====== TASK DATA
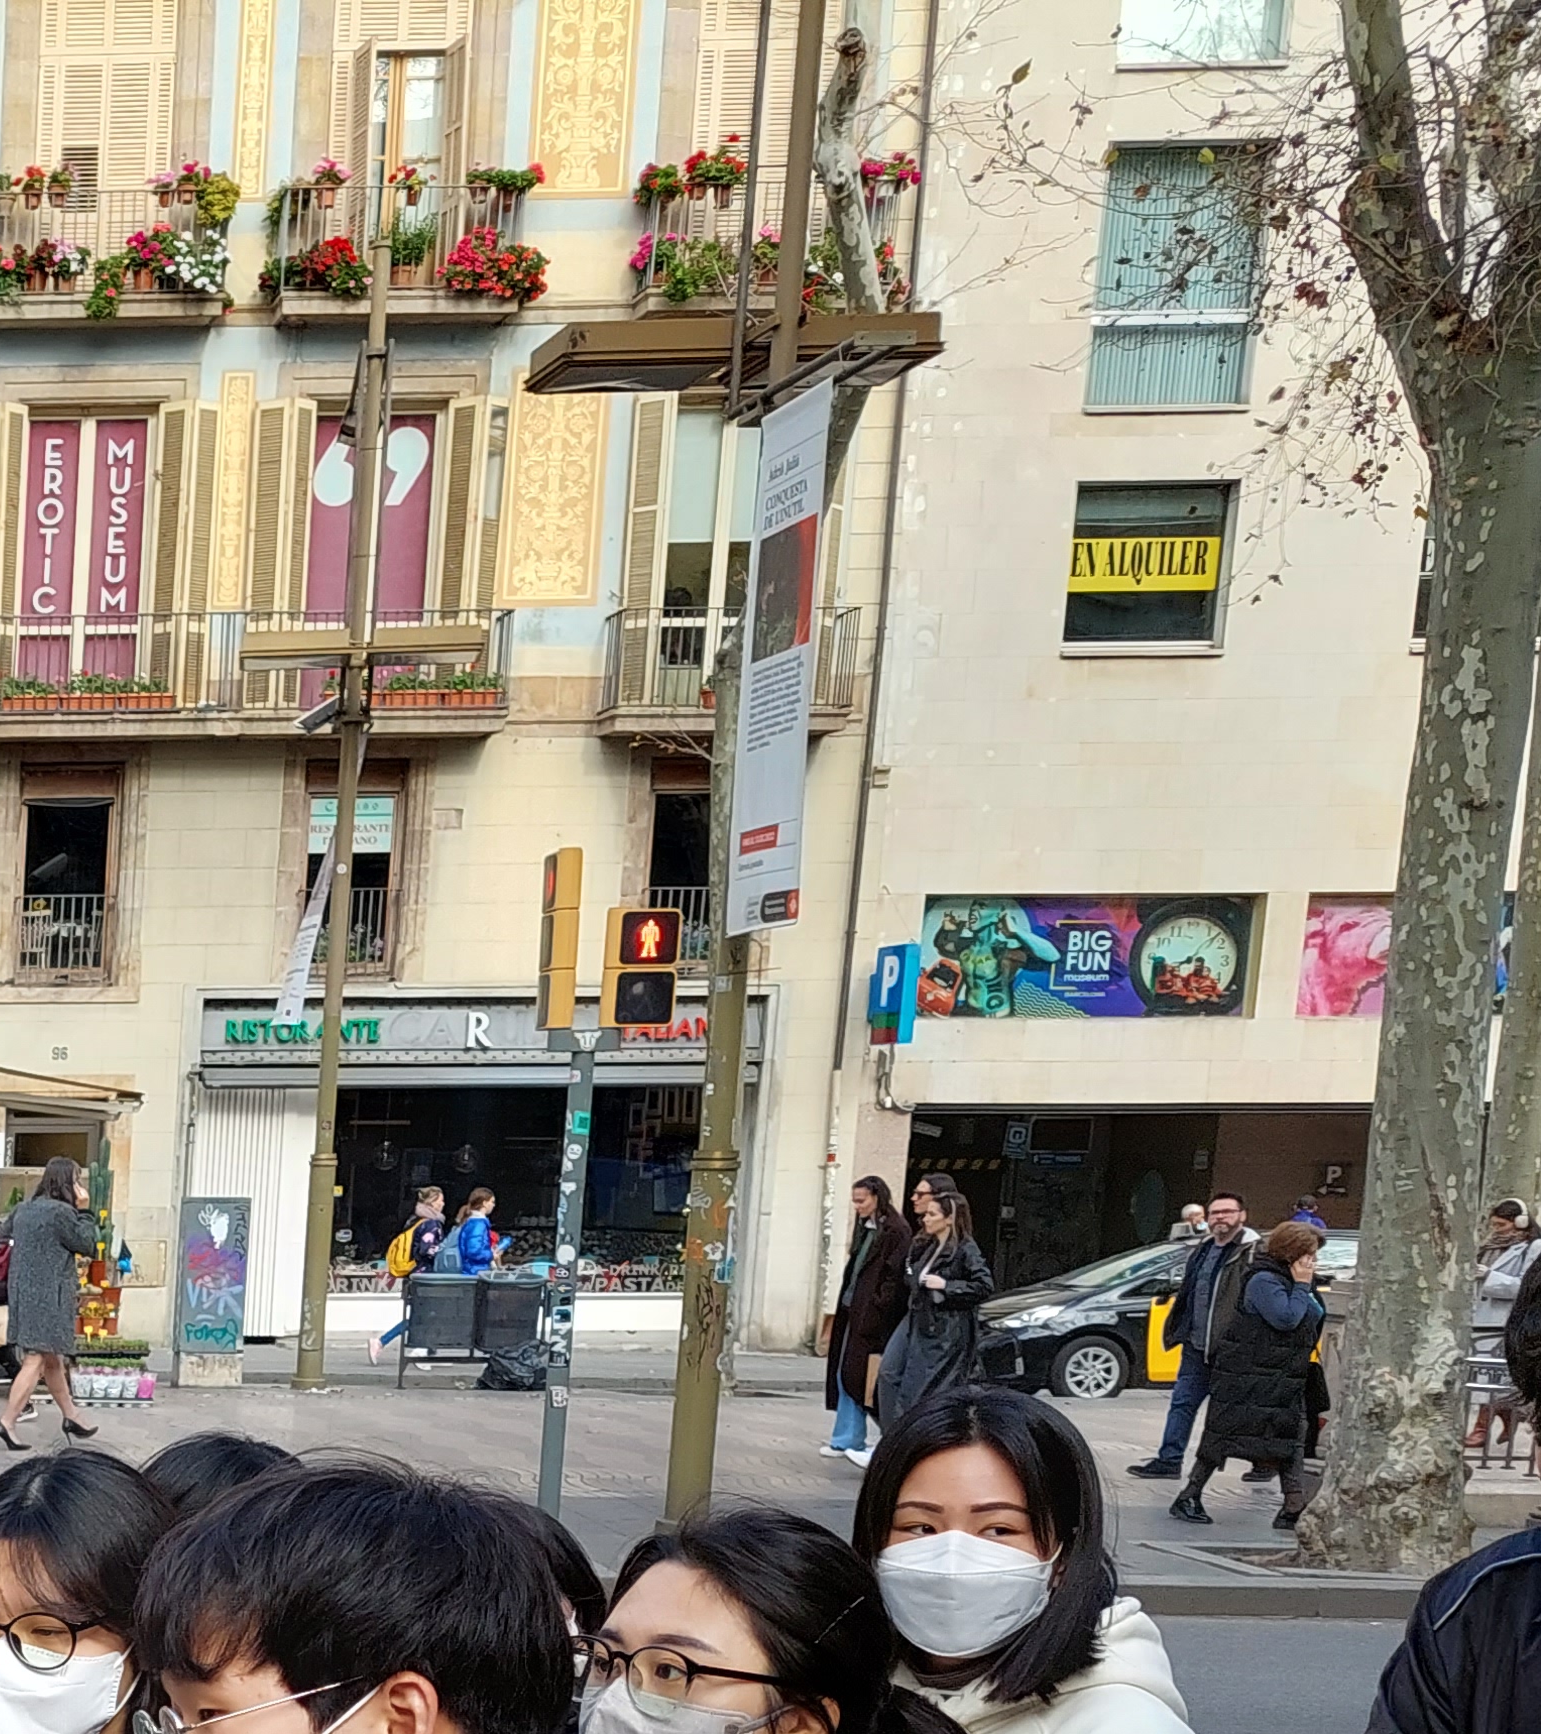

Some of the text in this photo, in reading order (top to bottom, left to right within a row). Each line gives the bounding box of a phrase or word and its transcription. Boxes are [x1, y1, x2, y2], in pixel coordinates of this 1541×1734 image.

[30, 438, 62, 615] EROTIC
[99, 437, 135, 612] MUSEUM
[1070, 540, 1209, 585] EN ALQUILER
[1068, 931, 1113, 952] BIG
[1066, 952, 1112, 971] FUN
[880, 955, 900, 1007] P
[1064, 973, 1110, 982] museum
[51, 1046, 69, 1061] 96
[1325, 1165, 1342, 1184] P
[596, 1277, 665, 1292] PASTA
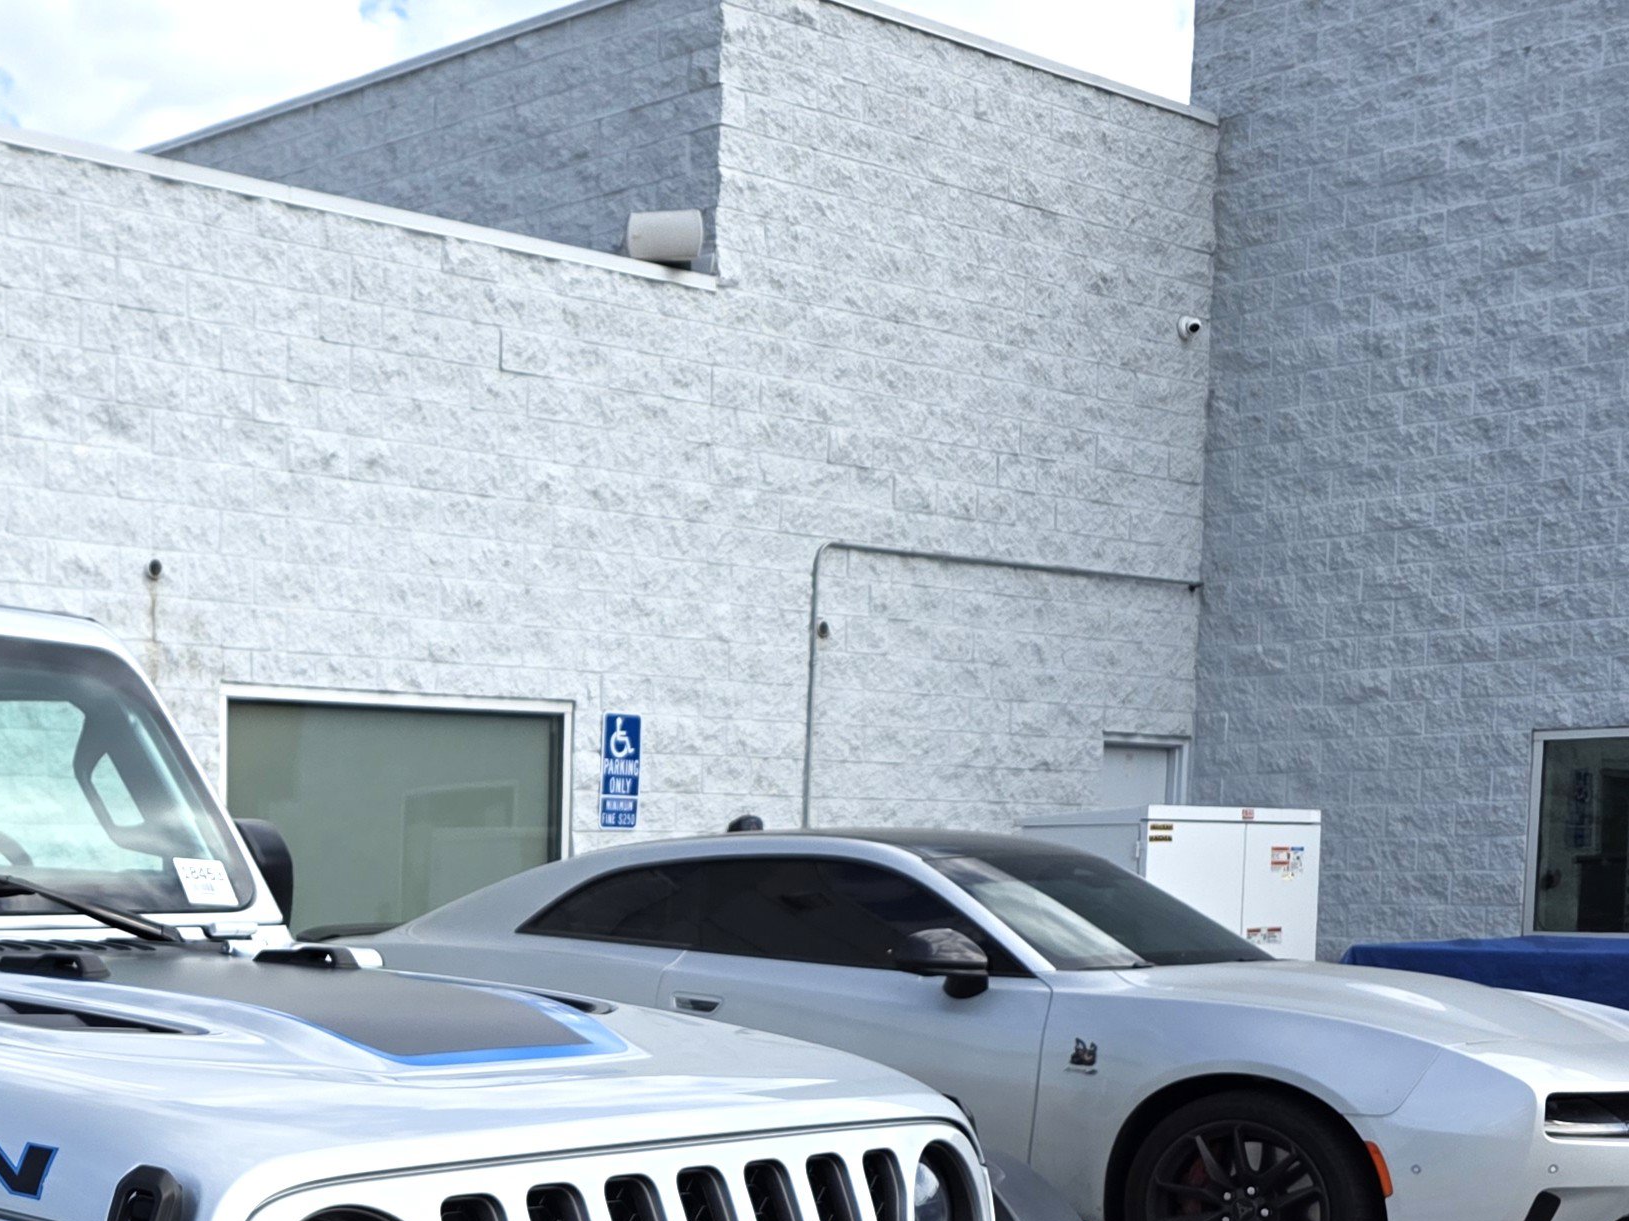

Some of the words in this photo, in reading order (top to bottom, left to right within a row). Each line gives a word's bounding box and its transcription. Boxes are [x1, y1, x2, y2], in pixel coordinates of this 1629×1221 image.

[603, 757, 639, 776] PARKING
[609, 777, 632, 794] ONLY
[605, 800, 633, 812] MINIMUM
[601, 812, 616, 825] FINE
[618, 812, 635, 826] $250
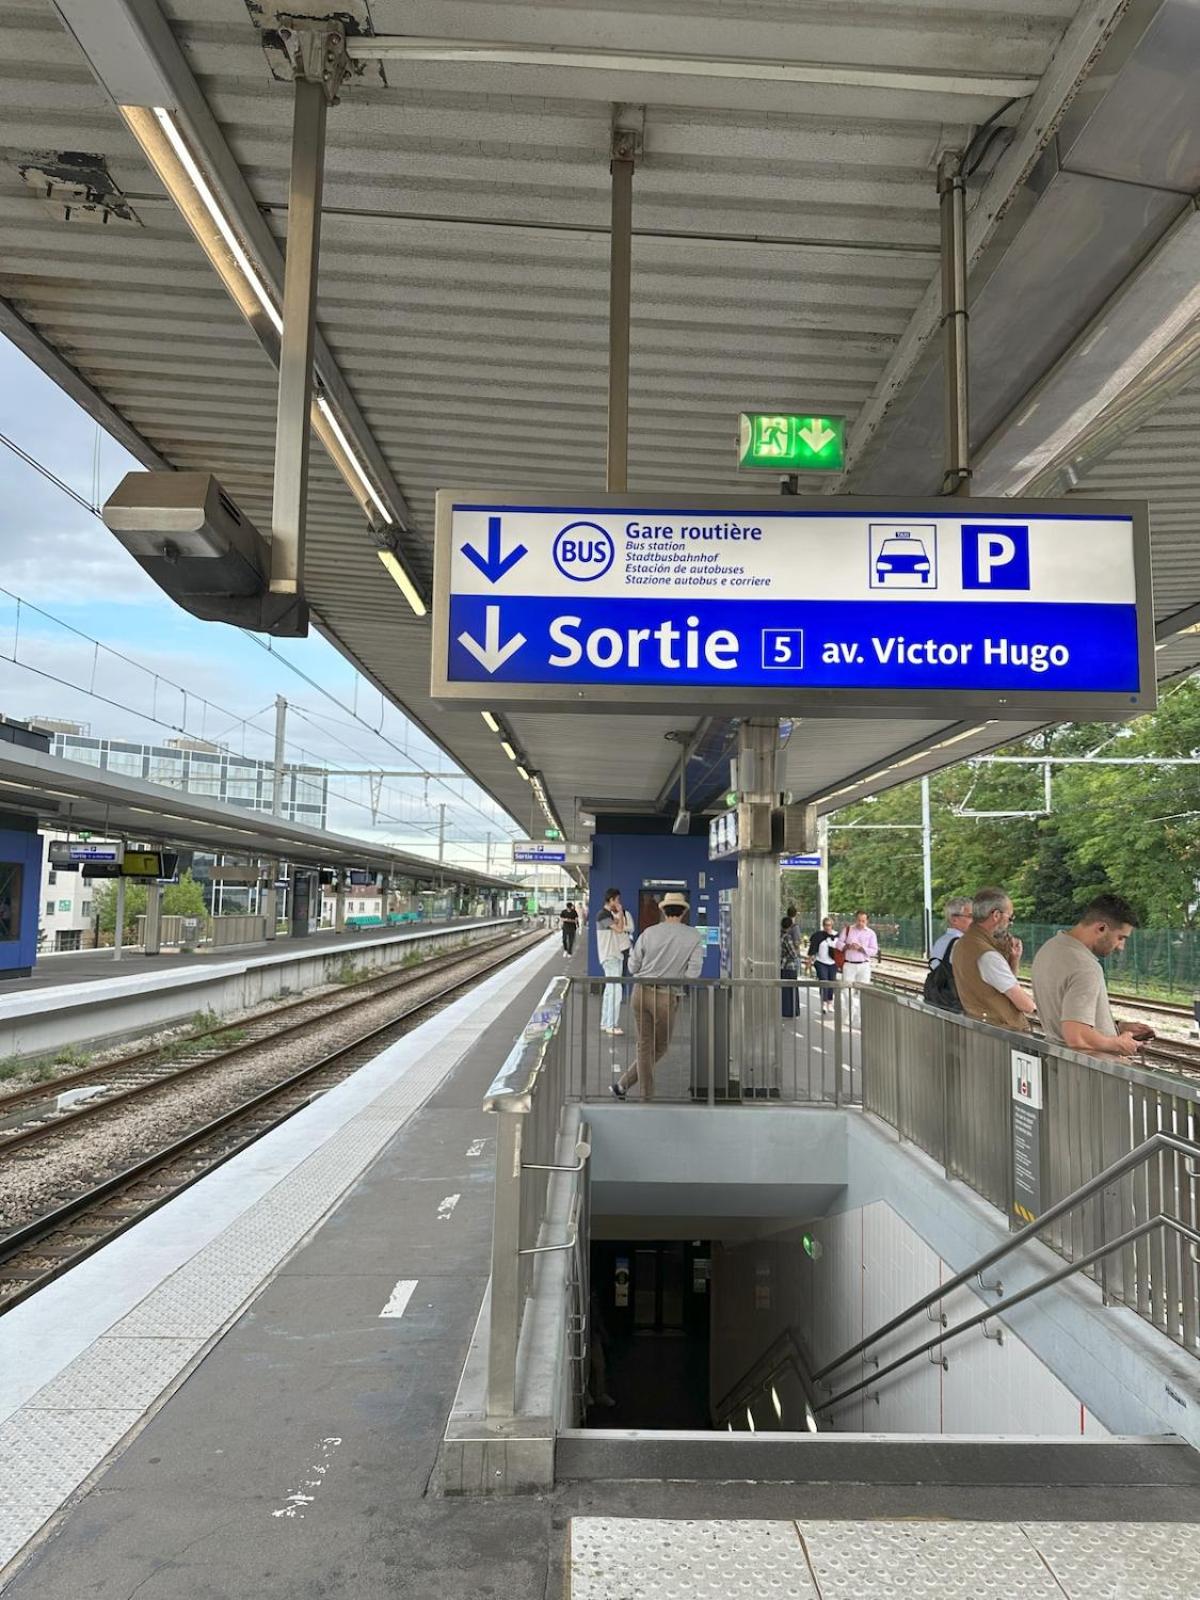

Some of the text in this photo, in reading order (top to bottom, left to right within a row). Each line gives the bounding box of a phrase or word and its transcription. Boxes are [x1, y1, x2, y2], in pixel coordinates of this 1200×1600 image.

[625, 522, 762, 540] Gare routière
[562, 541, 606, 562] BUS
[625, 541, 685, 551] Bus station
[625, 552, 719, 563] Stadtbusbahnhof
[978, 533, 1015, 583] P
[625, 563, 744, 575] Estación de autobuses
[625, 574, 771, 586] Stazione autobus e corriere
[548, 615, 1069, 672] Sortie 5 av. Victor Hugo
============
WORK REQUEST →
Your task is an exact transcription of all the data, minus the pictures.

SOLVED EXERCISE →
Some of the text in this photo, in reading order (top to bottom, left to right within a row). Each line gives the bounding box of a phrase or word and its transcription. Boxes are [x1, y1, x2, y2], in pixel coordinates of this 1541×1734 image.

[30, 438, 62, 615] EROTIC
[99, 437, 135, 612] MUSEUM
[1070, 540, 1209, 585] EN ALQUILER
[1068, 931, 1113, 952] BIG
[1066, 952, 1112, 971] FUN
[880, 955, 900, 1007] P
[1064, 973, 1110, 982] museum
[51, 1046, 69, 1061] 96
[1325, 1165, 1342, 1184] P
[596, 1277, 665, 1292] PASTA

Some of the words in this photo, in reading order (top to bottom, left to right within a row). Each line gives a word's bounding box and its transcription. Boxes are [x1, y1, x2, y2], in pixel coordinates of this 1629×1221 image.

[603, 757, 639, 776] PARKING
[609, 777, 632, 794] ONLY
[605, 800, 633, 812] MINIMUM
[601, 812, 616, 825] FINE
[618, 812, 635, 826] $250

Some of the text in this photo, in reading order (top to bottom, left to right within a row). Each line gives the bounding box of a phrase or word and its transcription. Boxes are [x1, y1, x2, y2], in pixel coordinates of this 1200×1600 image.

[625, 522, 762, 540] Gare routière
[562, 541, 606, 562] BUS
[625, 541, 685, 551] Bus station
[625, 552, 719, 563] Stadtbusbahnhof
[978, 533, 1015, 583] P
[625, 563, 744, 575] Estación de autobuses
[625, 574, 771, 586] Stazione autobus e corriere
[548, 615, 1069, 672] Sortie 5 av. Victor Hugo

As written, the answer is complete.